- Opening Delimiter -

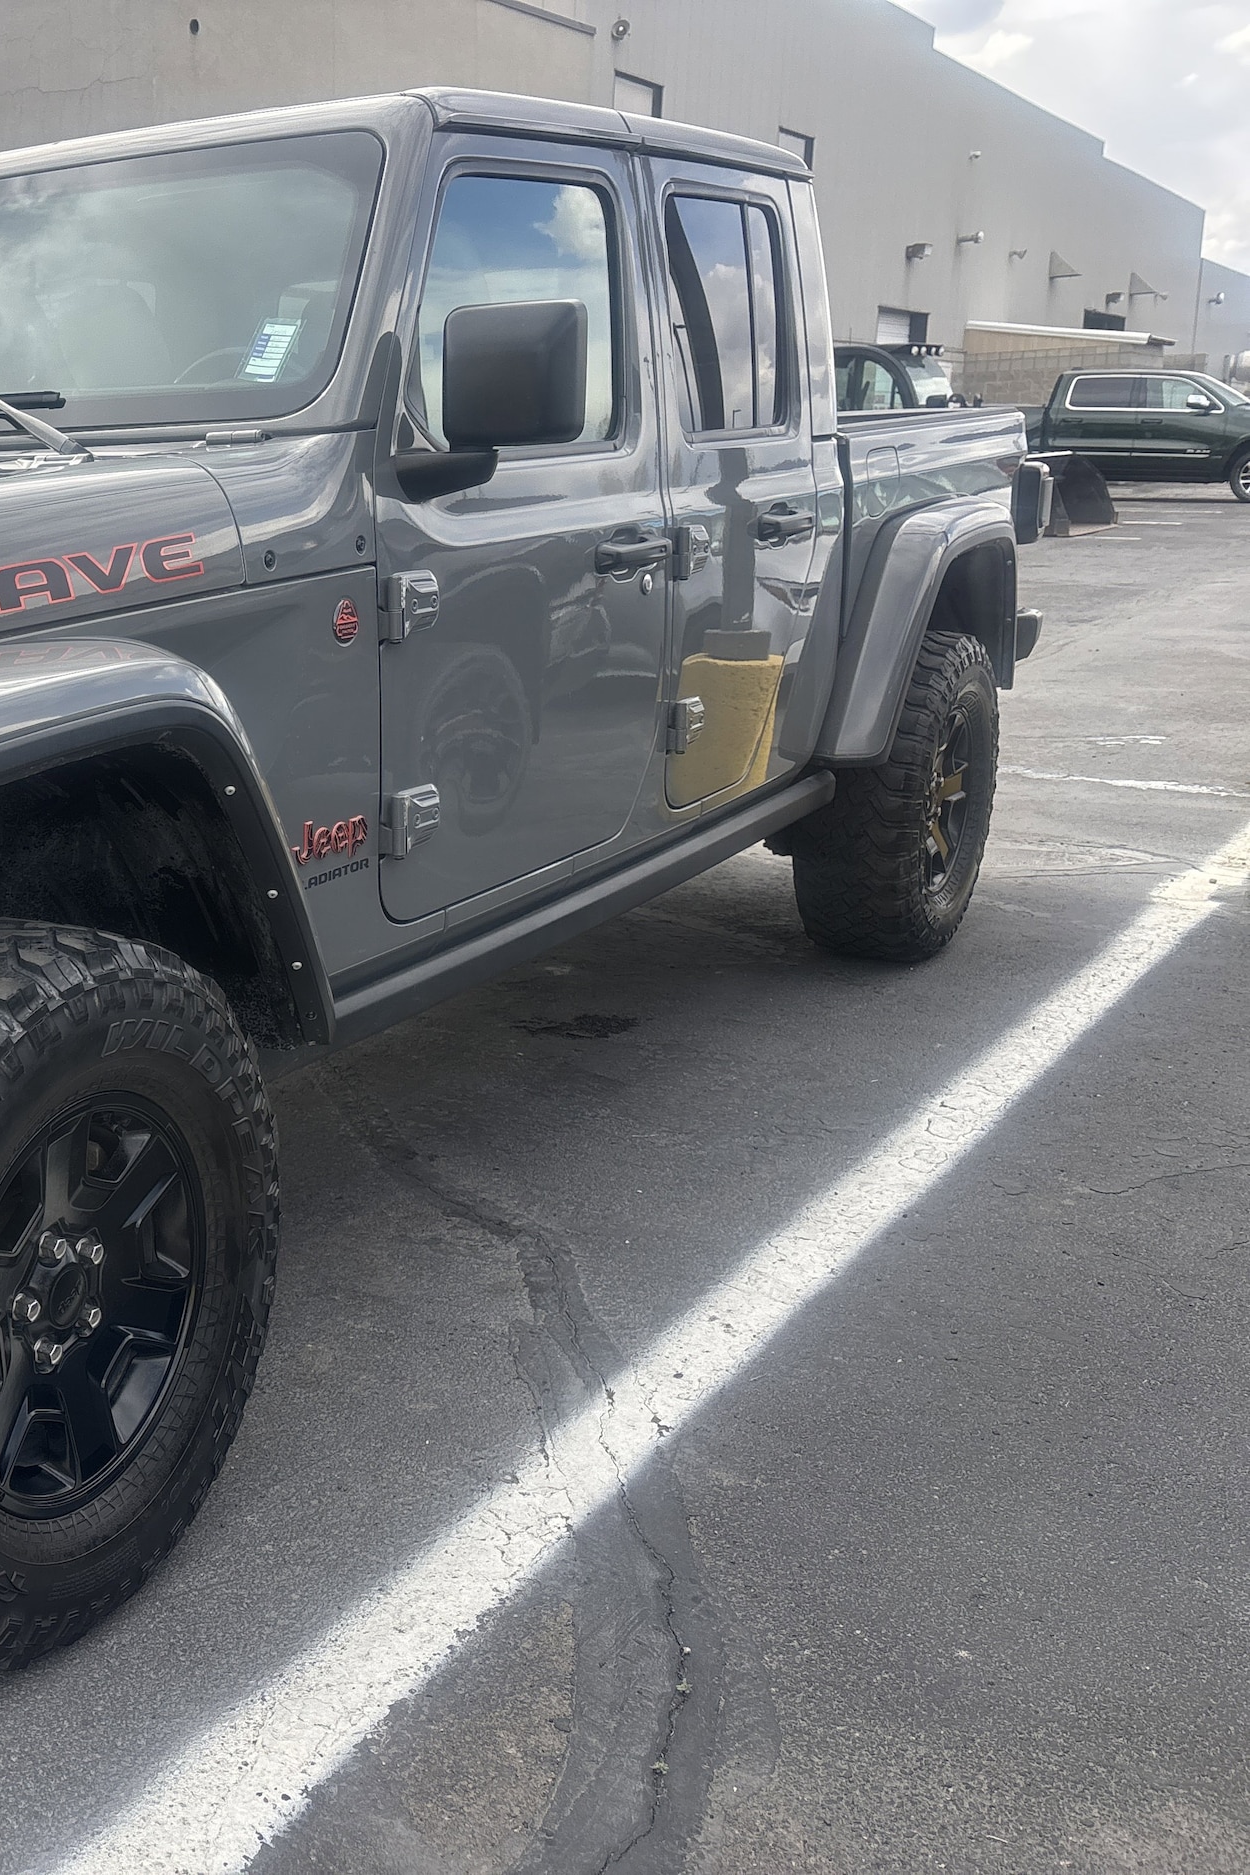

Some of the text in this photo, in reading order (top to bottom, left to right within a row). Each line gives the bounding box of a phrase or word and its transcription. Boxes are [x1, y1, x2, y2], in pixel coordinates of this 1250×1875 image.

[291, 814, 368, 865] Jeep
[304, 858, 370, 890] ADIATOR
[101, 1018, 265, 1262] WILDPEAK
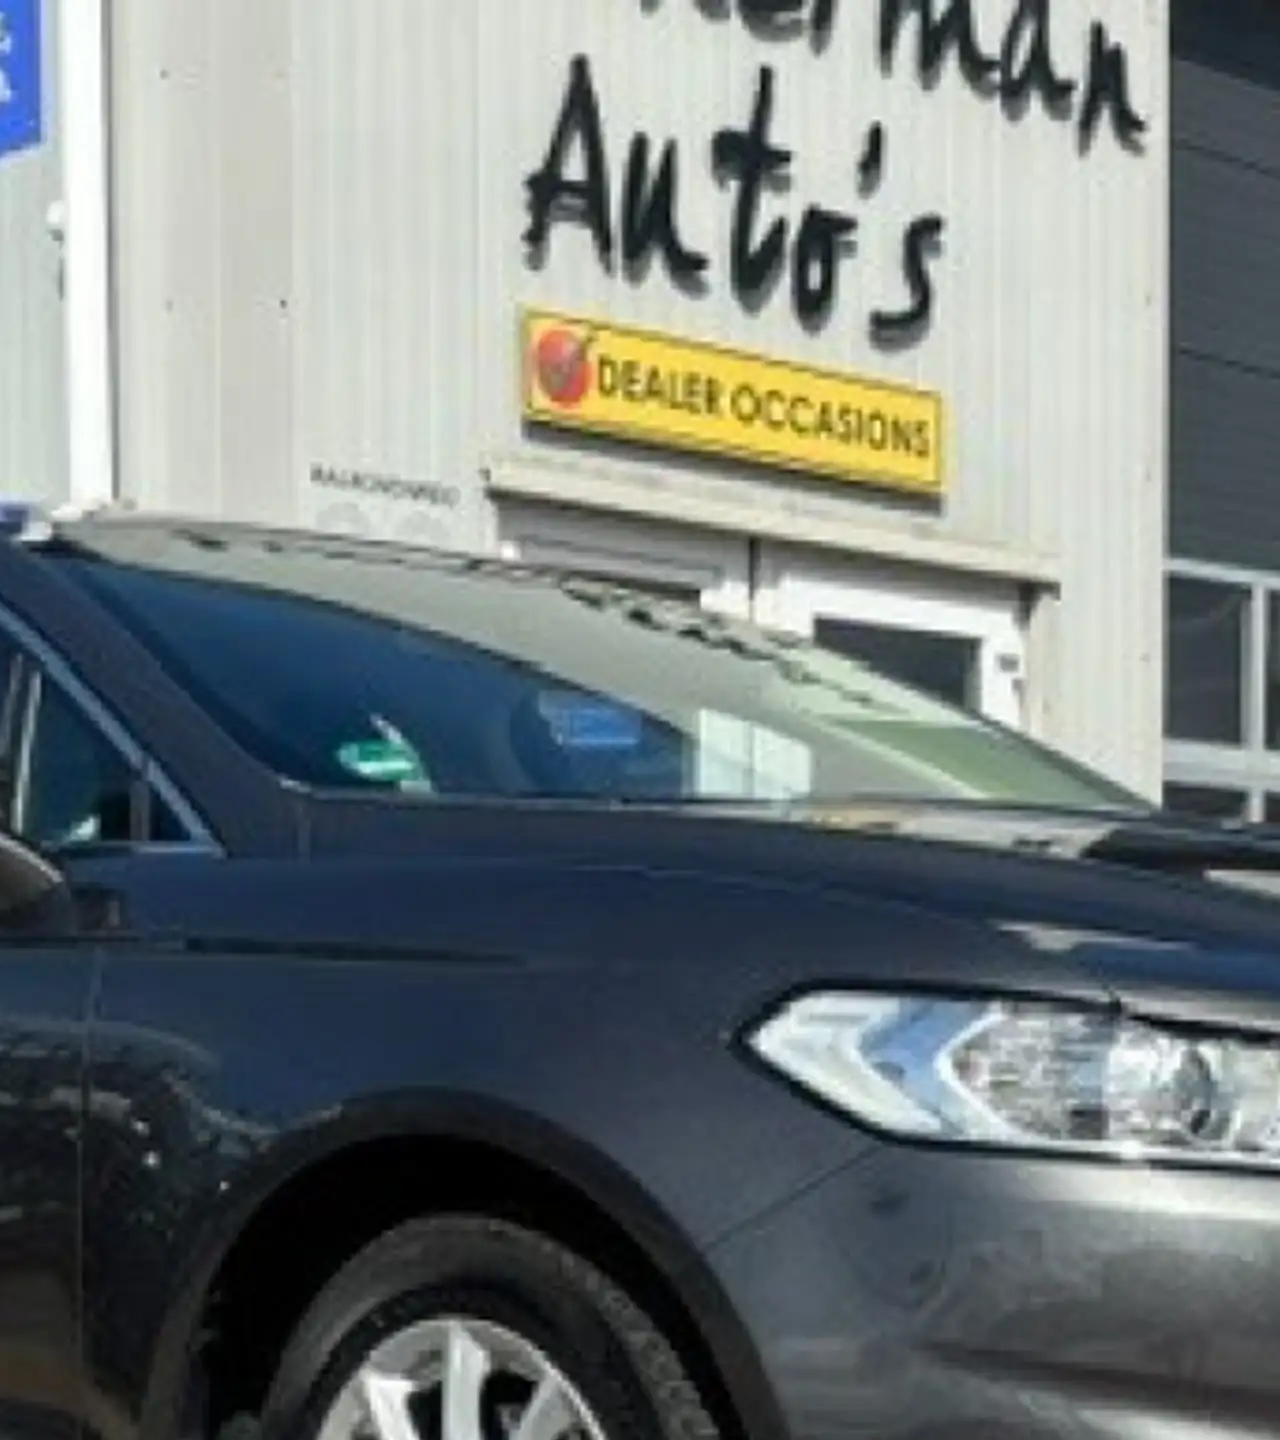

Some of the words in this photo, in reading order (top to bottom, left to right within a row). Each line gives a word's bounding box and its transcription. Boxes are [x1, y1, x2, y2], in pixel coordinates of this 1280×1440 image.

- Closing Delimiter -

Task objective =
Could you print the listing above exactly, without the pictures?

Response for this exercise =
Some of the text in this photo, in reading order (top to bottom, left to right within a row). Each line gives the bounding box of a phrase or word and its transcription. Boxes are [x1, y1, x2, y2], in pixel coordinates of this 1250×1875 image.

[291, 814, 368, 865] Jeep
[304, 858, 370, 890] ADIATOR
[101, 1018, 265, 1262] WILDPEAK

Some of the words in this photo, in reading order (top to bottom, left to right within a row). Each line gives a word's bounding box and its transcription. Boxes are [x1, y1, x2, y2], in pixel coordinates of this 1280×1440 image.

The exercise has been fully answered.